车灯熄了,引擎声停在“晚秋花坊”门口,像一声疲惫的叹息,最终被夜晚的寂静吞没。齐砚舟没动,手依旧搭在方向盘上,指节因用力而微微发白。他盯着那块被暖黄门灯照亮的木牌看了足足两秒,直到一阵夜风吹来,撩动门帘,露出店内一排绿植沉默而朦胧的影子,像是无数窥探的眼睛。

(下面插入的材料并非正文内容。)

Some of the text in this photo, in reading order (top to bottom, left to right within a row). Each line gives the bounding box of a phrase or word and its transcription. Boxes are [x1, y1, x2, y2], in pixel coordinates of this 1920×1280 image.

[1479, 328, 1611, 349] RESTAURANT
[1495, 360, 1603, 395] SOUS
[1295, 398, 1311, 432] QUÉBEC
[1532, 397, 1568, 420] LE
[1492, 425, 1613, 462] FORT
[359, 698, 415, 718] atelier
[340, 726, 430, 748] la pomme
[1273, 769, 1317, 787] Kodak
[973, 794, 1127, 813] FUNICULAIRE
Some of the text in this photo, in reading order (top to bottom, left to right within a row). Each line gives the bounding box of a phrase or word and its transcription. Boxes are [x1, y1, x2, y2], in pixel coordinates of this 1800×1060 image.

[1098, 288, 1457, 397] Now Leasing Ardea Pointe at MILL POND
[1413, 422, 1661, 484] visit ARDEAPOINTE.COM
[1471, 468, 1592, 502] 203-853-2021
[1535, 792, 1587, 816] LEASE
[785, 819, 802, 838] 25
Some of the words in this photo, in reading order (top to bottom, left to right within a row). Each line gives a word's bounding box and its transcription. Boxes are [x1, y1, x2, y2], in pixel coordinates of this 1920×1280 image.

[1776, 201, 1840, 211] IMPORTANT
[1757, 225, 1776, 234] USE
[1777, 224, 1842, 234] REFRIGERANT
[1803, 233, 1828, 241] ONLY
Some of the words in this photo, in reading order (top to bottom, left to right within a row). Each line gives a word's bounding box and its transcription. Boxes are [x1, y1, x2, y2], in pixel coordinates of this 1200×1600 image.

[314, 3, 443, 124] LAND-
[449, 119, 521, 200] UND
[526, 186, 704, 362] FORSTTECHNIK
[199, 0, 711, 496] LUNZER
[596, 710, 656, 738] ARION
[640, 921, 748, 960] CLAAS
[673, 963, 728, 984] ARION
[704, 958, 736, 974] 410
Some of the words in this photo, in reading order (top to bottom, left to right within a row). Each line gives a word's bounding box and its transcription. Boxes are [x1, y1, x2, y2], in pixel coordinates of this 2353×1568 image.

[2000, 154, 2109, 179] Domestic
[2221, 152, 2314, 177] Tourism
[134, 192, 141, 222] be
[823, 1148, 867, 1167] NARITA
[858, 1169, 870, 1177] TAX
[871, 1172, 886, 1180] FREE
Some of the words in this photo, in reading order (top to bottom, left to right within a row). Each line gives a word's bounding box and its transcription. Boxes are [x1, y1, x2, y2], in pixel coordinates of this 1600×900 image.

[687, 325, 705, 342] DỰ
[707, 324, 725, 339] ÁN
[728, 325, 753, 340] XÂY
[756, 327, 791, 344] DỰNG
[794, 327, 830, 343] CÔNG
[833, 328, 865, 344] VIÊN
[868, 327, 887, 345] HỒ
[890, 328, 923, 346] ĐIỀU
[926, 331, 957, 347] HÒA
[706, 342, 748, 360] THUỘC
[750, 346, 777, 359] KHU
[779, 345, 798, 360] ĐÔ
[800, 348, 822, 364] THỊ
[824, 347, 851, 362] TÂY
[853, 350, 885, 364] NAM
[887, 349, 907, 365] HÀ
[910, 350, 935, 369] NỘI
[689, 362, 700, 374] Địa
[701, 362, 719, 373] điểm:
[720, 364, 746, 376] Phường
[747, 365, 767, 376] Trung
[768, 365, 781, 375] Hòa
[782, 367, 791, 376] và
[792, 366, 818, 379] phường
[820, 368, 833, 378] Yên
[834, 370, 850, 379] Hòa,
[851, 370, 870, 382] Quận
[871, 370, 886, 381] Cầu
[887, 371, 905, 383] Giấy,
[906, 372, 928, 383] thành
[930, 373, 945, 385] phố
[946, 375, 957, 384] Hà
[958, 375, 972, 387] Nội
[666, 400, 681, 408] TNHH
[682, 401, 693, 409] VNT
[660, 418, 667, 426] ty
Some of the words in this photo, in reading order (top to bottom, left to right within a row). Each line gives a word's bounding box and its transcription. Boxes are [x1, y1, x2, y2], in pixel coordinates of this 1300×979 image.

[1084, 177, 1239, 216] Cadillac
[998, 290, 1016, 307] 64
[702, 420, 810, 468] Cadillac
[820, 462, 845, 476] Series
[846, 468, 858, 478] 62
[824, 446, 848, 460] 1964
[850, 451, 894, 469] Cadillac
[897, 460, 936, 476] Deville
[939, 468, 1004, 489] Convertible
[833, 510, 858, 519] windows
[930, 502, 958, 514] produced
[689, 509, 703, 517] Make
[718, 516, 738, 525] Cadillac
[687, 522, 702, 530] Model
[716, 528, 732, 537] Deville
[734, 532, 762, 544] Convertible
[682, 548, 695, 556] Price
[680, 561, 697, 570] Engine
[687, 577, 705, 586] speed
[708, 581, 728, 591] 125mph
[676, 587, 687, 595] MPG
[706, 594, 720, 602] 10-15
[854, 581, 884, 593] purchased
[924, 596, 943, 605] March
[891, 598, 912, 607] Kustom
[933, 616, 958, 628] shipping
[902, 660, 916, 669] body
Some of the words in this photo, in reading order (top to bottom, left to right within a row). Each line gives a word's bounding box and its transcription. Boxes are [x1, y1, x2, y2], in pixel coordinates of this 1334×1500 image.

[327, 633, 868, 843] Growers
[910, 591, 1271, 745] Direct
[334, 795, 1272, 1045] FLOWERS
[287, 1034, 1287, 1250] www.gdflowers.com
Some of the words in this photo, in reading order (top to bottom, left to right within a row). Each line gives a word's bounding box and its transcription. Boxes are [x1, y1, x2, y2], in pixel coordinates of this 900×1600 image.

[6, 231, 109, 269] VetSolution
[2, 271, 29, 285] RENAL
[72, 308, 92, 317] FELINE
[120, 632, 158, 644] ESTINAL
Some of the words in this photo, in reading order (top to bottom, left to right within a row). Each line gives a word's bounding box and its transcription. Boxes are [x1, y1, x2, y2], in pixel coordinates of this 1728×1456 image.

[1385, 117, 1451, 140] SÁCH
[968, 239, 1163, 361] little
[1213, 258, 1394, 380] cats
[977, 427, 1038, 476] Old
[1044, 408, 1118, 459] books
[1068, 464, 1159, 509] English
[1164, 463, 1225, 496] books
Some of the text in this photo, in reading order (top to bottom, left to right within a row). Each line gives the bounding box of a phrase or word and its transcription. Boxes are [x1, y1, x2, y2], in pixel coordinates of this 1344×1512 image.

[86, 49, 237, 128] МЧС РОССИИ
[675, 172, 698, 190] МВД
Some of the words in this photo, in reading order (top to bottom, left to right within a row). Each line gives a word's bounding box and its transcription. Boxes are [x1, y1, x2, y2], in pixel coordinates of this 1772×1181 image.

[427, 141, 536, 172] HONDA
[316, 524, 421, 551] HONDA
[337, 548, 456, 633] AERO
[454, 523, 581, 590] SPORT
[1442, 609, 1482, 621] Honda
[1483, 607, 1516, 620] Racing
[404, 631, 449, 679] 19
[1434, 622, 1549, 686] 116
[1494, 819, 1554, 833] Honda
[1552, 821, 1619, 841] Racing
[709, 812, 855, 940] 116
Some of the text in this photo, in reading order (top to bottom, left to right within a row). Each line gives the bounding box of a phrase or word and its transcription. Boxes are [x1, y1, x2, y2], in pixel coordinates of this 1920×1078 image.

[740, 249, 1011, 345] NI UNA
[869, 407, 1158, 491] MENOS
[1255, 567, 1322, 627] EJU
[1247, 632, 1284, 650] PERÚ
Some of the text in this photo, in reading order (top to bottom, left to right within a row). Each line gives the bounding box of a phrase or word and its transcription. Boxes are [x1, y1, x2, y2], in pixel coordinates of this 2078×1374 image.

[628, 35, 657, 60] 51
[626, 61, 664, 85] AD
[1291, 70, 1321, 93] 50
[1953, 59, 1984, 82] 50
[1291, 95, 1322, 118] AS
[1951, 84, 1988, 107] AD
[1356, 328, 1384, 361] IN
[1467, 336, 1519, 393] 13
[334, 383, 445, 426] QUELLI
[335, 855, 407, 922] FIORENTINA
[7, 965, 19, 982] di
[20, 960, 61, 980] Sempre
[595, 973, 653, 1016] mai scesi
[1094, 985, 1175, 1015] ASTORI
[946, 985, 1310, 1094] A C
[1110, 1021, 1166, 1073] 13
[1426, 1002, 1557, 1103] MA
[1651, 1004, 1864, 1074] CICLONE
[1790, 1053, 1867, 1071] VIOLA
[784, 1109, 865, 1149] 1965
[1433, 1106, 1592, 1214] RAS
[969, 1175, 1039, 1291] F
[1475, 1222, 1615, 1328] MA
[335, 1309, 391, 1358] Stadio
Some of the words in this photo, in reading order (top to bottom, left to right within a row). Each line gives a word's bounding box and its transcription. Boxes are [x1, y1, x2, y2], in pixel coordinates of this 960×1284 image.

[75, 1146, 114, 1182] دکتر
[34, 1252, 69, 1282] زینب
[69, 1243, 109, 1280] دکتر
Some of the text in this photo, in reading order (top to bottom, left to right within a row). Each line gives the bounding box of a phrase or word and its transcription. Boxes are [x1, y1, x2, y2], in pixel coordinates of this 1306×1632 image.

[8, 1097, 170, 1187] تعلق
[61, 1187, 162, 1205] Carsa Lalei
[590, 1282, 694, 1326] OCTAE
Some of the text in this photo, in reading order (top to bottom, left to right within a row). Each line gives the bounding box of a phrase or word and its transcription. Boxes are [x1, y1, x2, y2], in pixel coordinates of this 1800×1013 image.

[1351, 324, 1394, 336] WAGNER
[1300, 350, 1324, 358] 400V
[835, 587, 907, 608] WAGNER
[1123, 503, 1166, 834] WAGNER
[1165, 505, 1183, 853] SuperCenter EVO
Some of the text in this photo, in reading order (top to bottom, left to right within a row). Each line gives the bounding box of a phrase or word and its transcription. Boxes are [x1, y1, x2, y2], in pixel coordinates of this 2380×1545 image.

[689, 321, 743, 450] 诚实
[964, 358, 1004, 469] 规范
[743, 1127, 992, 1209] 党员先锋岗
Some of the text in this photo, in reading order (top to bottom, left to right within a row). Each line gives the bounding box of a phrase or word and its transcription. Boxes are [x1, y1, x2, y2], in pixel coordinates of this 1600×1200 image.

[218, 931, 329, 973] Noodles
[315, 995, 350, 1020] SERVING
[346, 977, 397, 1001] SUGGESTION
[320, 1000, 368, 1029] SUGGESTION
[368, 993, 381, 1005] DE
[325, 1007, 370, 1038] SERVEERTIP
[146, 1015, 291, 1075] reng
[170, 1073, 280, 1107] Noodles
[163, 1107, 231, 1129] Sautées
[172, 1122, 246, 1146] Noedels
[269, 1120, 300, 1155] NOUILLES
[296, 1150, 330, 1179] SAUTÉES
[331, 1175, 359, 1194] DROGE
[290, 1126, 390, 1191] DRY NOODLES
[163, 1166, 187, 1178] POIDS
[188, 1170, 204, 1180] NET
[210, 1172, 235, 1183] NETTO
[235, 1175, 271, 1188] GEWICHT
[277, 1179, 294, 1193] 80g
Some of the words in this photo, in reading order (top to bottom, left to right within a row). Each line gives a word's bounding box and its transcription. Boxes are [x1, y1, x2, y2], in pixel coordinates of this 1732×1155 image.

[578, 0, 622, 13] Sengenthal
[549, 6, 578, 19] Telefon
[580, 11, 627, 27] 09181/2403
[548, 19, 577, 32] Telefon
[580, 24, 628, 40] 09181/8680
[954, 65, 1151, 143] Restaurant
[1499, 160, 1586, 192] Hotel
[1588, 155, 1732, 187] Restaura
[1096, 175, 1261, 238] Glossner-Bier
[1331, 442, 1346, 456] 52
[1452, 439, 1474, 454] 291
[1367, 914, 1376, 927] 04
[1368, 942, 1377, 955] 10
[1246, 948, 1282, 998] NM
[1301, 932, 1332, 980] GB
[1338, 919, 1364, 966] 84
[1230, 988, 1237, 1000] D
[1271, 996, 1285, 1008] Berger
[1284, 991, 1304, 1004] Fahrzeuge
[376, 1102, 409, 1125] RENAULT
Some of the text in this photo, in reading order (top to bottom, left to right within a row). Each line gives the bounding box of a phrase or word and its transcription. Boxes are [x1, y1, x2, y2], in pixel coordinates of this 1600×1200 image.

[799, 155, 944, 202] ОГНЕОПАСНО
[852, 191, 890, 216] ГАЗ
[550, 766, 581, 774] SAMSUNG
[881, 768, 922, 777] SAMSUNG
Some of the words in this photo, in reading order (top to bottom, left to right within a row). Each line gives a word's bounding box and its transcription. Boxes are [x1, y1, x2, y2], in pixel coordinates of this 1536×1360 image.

他掏出手机,屏幕冷白的光瞬间照亮了他下颌紧绷的线条。加密语音通道已然接通。他声音压得极低,几乎融进引擎残留的余温里:“我在你店门口。他见过我,但不知道我们认识多深。接下来你要演一场——我是被逼的,你是挡不住的。” 每一个字都像经过精密计算后投出的石子,力求在对方心湖激起最准确的涟漪。
电话那头静了一瞬,只有细微的电流声。然后,岑晚秋的声音传来,不高,也不抖,平静得如同在讨论明日花材的进货清单:“我知道了。旗袍换掉?”
“换。”他斩钉截铁,“穿旧点的衣服,别像老板娘,像个……家属。” “家属”两个字在他舌尖停顿了半拍,带着一种刻意营造的、属于角色的脆弱与牵连。
“行。”
通话结束。他推门下车,夜风立刻从巷口灌入,带着初秋的凉意和远处夜市隐约的烟火气,吹得他身上那件象征职业的白大褂下摆猎猎一荡。他没去拉拢领口,任由听诊器冰凉的金属贴片随着动作轻叩锁骨,那点凉意让他保持清醒。
花店后门悄无声息地开了条缝,岑晚秋探出半张脸。墨绿色旗袍的立领依旧严谨地扣着,发髻纹丝不乱,唯有眼神与他对接,短暂而清晰地传递出“收到”的讯息。她点头,转身没入昏暗。
五分钟后,她再次出现,已是另一番模样。灰蓝色针织衫袖子有些过长,袖口处磨得起了一圈毛球;下身是洗得发白的牛仔裤,膝盖处布料微微泛白;脚上一双旧布鞋,沾着些泥点。原先精致的发髻散开,用一根最普通的黑色橡皮筋随意扎在脑后,几缕碎发垂在颊边。她将一个老式翻盖手机塞进外套内袋,动作自然得像是在收一张零钱。“藏好了?”他问,目光扫过她看似平常的衣襟。
她抬手轻轻拍了拍胸口位置:“自动录像,三十秒循环覆盖,本地不留存,直接上传备份节点。”
“他会盯我。我走主路,你从侧门出来追我,动作要快,话要急。” 他布置着舞台走位。
“拉你胳膊,问‘你真要答应他们’?” 她精准复述关键动作与台词。
“对。别多说,说完就停住,别追上来。肩膀抖两下,像憋着眼泪。”
她嗯了一声,随即提出预案:“要是他派人近看呢?”
“那就哭。”他看着她,眼神里是对她能力的绝对了解,“不用真掉泪,眼眶红就行。你以前守灵七天都没哭出声,这点情绪收放难不倒你。”
她嘴角极细微地动了一下,那不是一个笑容,更像是某种肌肉记忆的触动,随即平复。
他抬手看了看腕表,表盘在昏暗光线下泛着冷硬的金属光泽,指针指向八点四十三分。“我走了。九点零七,你在后巷等。”
他转身,迈开步子。步伐频率均匀,步幅适中,完美模仿着一个疲惫不堪却不得不继续前行的夜归人。路过一家早已打烊的便利店,脏污的玻璃橱窗模糊地映出他的身影:白大褂随意敞着,衬衫领口不知何时被扯歪了一角,眼神沉静,但眉心那道浅纹在光影下显得格外深刻,那是连轴手术与精神重压共同雕刻的痕迹。
经过花店正门时,他用最不易察觉的眼角余光,捕捉到二楼窗帘极其轻微地晃动了一下。
他知道,观众已在位。
走到后巷拐角,他停下,低头看表。八点五十八分。他抬手,用指腹用力揉了揉太阳穴,动作缓慢,带着一种被逼到角落的烦躁与无力。然后,他深吸一口气,仿佛下定了某种决心,继续向前。